DATA TO EXAMINE below:

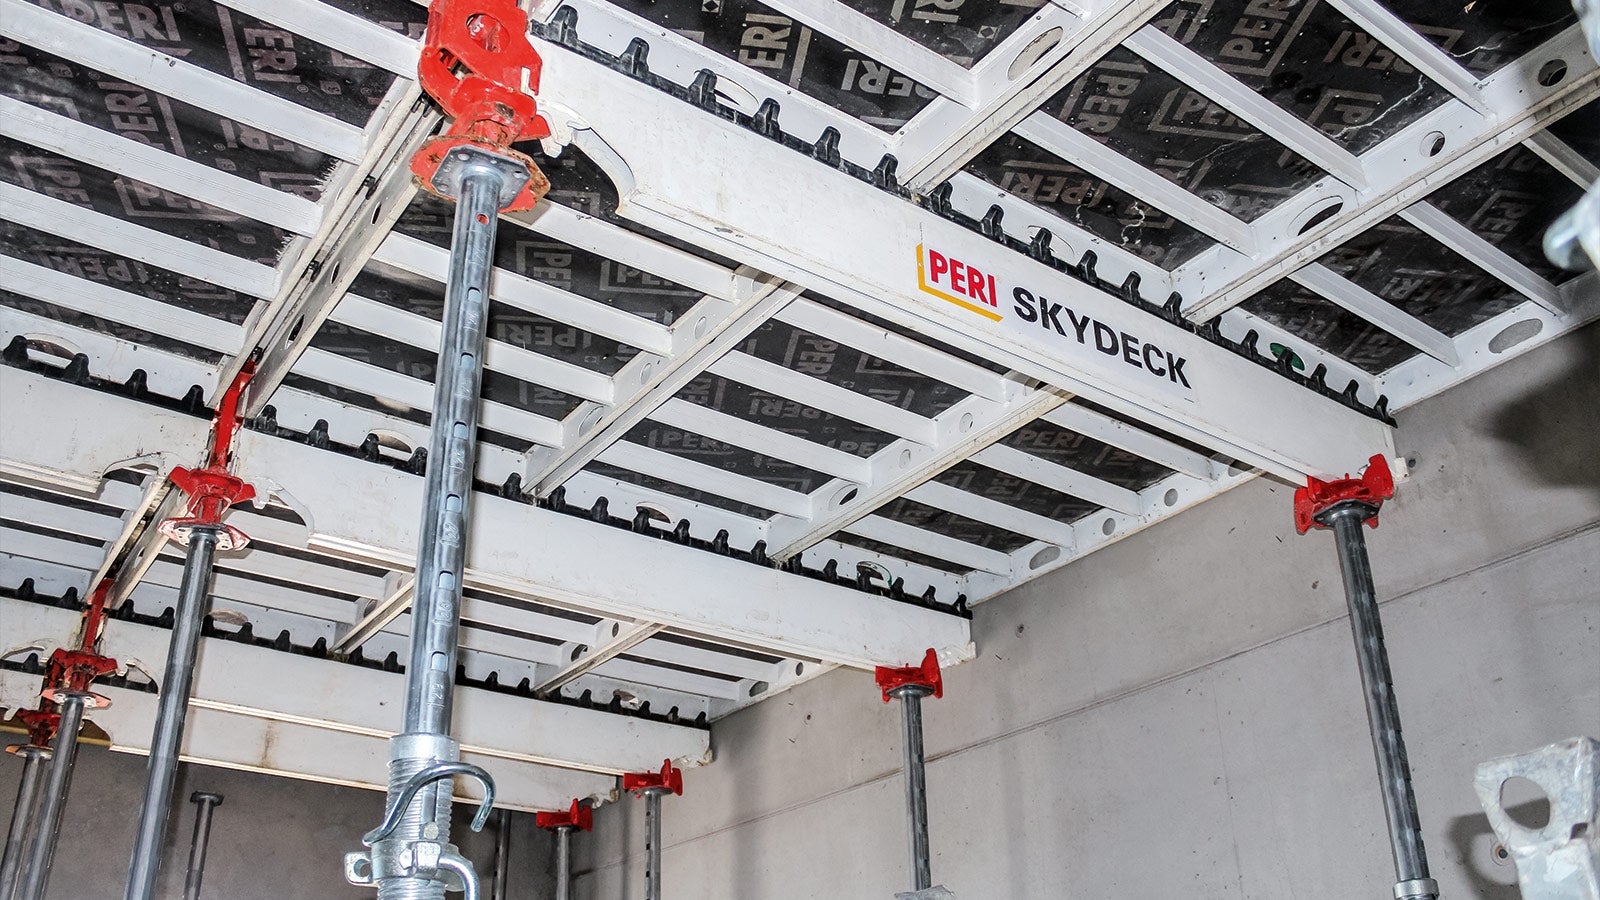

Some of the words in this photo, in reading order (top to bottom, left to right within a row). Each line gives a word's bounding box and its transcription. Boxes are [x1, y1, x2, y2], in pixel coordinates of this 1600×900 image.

[244, 21, 302, 84] ERI
[738, 12, 793, 70] ERI
[495, 322, 577, 348] PERI
[929, 248, 997, 308] PERI
[1013, 286, 1192, 389] SKYDECK
[1015, 429, 1084, 448] PERI

End of DATA TO EXAMINE.

EXERCISE GOAL: The records are to be returned word for word, without any of their pictures.

COMPLETED TASK:
Some of the words in this photo, in reading order (top to bottom, left to right within a row). Each line gives a word's bounding box and its transcription. Boxes are [x1, y1, x2, y2], in pixel coordinates of this 1600×900 image.

[244, 21, 302, 84] ERI
[738, 12, 793, 70] ERI
[495, 322, 577, 348] PERI
[929, 248, 997, 308] PERI
[1013, 286, 1192, 389] SKYDECK
[1015, 429, 1084, 448] PERI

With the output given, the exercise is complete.